## EXERCISE
Set down every record below exactly as it appears, but without the pictures.

## INPUT
_ _ _ _ _

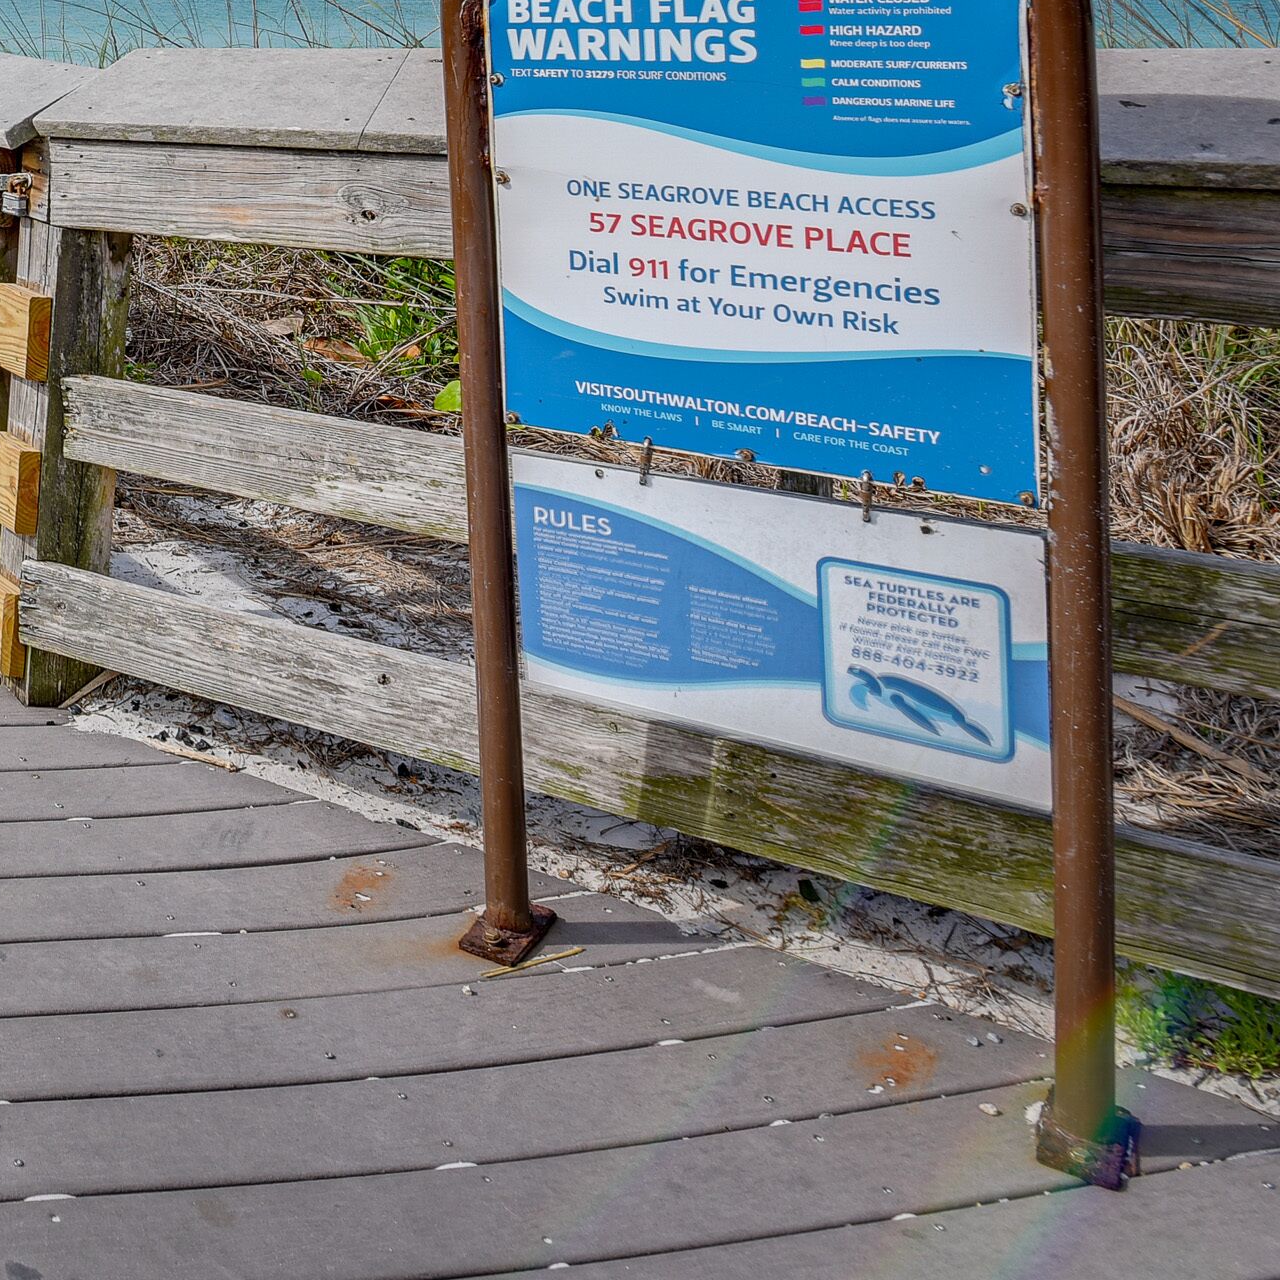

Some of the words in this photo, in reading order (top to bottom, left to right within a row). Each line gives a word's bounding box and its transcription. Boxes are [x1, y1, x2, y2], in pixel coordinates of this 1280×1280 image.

[828, 7, 855, 15] Water
[856, 6, 891, 16] activity
[893, 6, 901, 15] is
[902, 6, 952, 16] prohibited
[506, 28, 758, 64] WARNINGS
[829, 25, 862, 36] HIGH
[866, 25, 922, 36] HAZARD
[829, 39, 853, 47] Knee
[855, 39, 878, 49] deep
[879, 39, 887, 47] is
[907, 40, 930, 49] deep
[511, 68, 531, 78] TEXT
[533, 68, 569, 78] SAFETY
[571, 69, 583, 78] TO
[585, 70, 614, 79] 31279
[617, 70, 636, 79] FOR
[638, 70, 663, 80] SURF
[665, 71, 726, 81] CONDITIONS
[830, 60, 884, 69] MODERATE
[885, 60, 968, 70] SURF/CURRENTS
[831, 78, 859, 87] CALM
[860, 78, 921, 88] CONDITIONS
[832, 97, 892, 106] DANGEROUS
[894, 97, 932, 107] MARINE
[934, 99, 955, 108] LIFE
[567, 179, 611, 198] ONE
[618, 182, 740, 207] SEAGROVE
[747, 190, 829, 213] BEACH
[837, 196, 936, 220] ACCESS
[590, 212, 622, 234] 57
[630, 214, 794, 249] SEAGROVE
[804, 226, 912, 258] PLACE
[569, 249, 619, 275] Dial
[628, 257, 669, 280] 911
[678, 258, 720, 284] for
[730, 264, 941, 306] Emergencies
[603, 286, 669, 310] Swim
[676, 296, 701, 313] at
[708, 296, 765, 320] Your
[773, 303, 834, 328] Own
[842, 310, 900, 335] Risk
[575, 380, 941, 445] VISITSOUTHWALTON.COM/BEACH-SAFETY
[601, 403, 632, 415] KNOW
[633, 408, 652, 418] THE
[654, 410, 682, 422] LAWS
[711, 419, 725, 429] BE
[727, 421, 763, 435] SMART
[793, 431, 822, 443] CARE
[823, 435, 846, 447] FOR
[848, 439, 870, 451] THE
[872, 443, 910, 457] COAST
[533, 505, 612, 536] RULES
[844, 575, 873, 589] SEA
[877, 580, 945, 602] TURTLES
[949, 594, 981, 609] ARE
[868, 591, 956, 616] FEDERALLY
[866, 603, 959, 628] PROTECTED
[851, 645, 979, 683] 888-404-3922
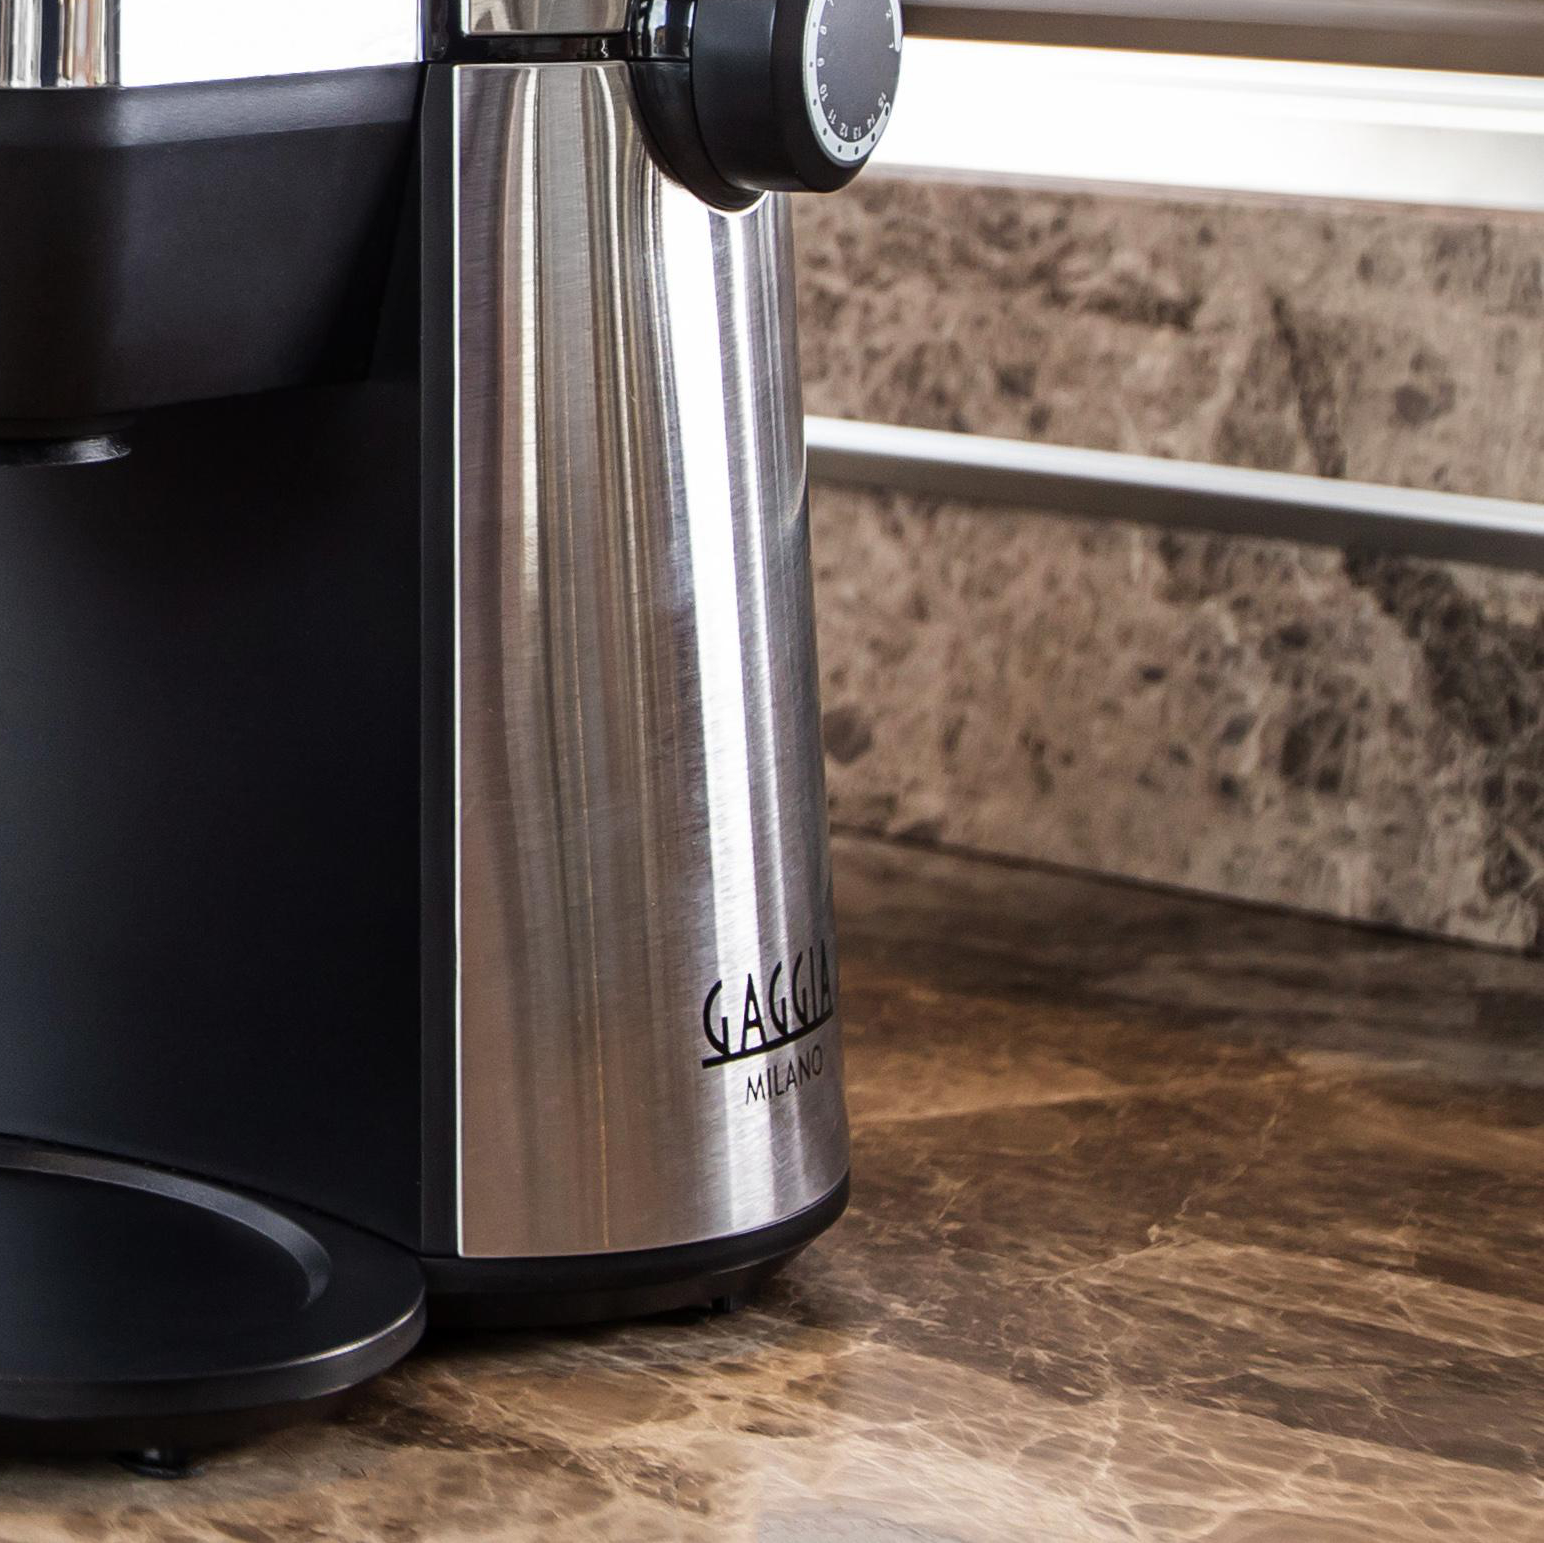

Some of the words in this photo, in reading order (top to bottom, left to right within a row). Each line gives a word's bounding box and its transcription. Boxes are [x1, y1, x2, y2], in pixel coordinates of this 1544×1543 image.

[819, 83, 829, 102] 10
[828, 108, 837, 125] 11
[839, 122, 849, 138] 12
[702, 939, 834, 1060] GAGGIA
[745, 1043, 824, 1106] MILANO

_ _ _ _ _

## TASK SOLUTION
Some of the words in this photo, in reading order (top to bottom, left to right within a row). Each line gives a word's bounding box and its transcription. Boxes are [x1, y1, x2, y2], in pixel coordinates of this 1280×1280 image.

[828, 7, 855, 15] Water
[856, 6, 891, 16] activity
[893, 6, 901, 15] is
[902, 6, 952, 16] prohibited
[506, 28, 758, 64] WARNINGS
[829, 25, 862, 36] HIGH
[866, 25, 922, 36] HAZARD
[829, 39, 853, 47] Knee
[855, 39, 878, 49] deep
[879, 39, 887, 47] is
[907, 40, 930, 49] deep
[511, 68, 531, 78] TEXT
[533, 68, 569, 78] SAFETY
[571, 69, 583, 78] TO
[585, 70, 614, 79] 31279
[617, 70, 636, 79] FOR
[638, 70, 663, 80] SURF
[665, 71, 726, 81] CONDITIONS
[830, 60, 884, 69] MODERATE
[885, 60, 968, 70] SURF/CURRENTS
[831, 78, 859, 87] CALM
[860, 78, 921, 88] CONDITIONS
[832, 97, 892, 106] DANGEROUS
[894, 97, 932, 107] MARINE
[934, 99, 955, 108] LIFE
[567, 179, 611, 198] ONE
[618, 182, 740, 207] SEAGROVE
[747, 190, 829, 213] BEACH
[837, 196, 936, 220] ACCESS
[590, 212, 622, 234] 57
[630, 214, 794, 249] SEAGROVE
[804, 226, 912, 258] PLACE
[569, 249, 619, 275] Dial
[628, 257, 669, 280] 911
[678, 258, 720, 284] for
[730, 264, 941, 306] Emergencies
[603, 286, 669, 310] Swim
[676, 296, 701, 313] at
[708, 296, 765, 320] Your
[773, 303, 834, 328] Own
[842, 310, 900, 335] Risk
[575, 380, 941, 445] VISITSOUTHWALTON.COM/BEACH-SAFETY
[601, 403, 632, 415] KNOW
[633, 408, 652, 418] THE
[654, 410, 682, 422] LAWS
[711, 419, 725, 429] BE
[727, 421, 763, 435] SMART
[793, 431, 822, 443] CARE
[823, 435, 846, 447] FOR
[848, 439, 870, 451] THE
[872, 443, 910, 457] COAST
[533, 505, 612, 536] RULES
[844, 575, 873, 589] SEA
[877, 580, 945, 602] TURTLES
[949, 594, 981, 609] ARE
[868, 591, 956, 616] FEDERALLY
[866, 603, 959, 628] PROTECTED
[851, 645, 979, 683] 888-404-3922

Some of the words in this photo, in reading order (top to bottom, left to right within a row). Each line gives a word's bounding box and its transcription. Boxes are [x1, y1, x2, y2], in pixel coordinates of this 1544×1543 image.

[819, 83, 829, 102] 10
[828, 108, 837, 125] 11
[839, 122, 849, 138] 12
[702, 939, 834, 1060] GAGGIA
[745, 1043, 824, 1106] MILANO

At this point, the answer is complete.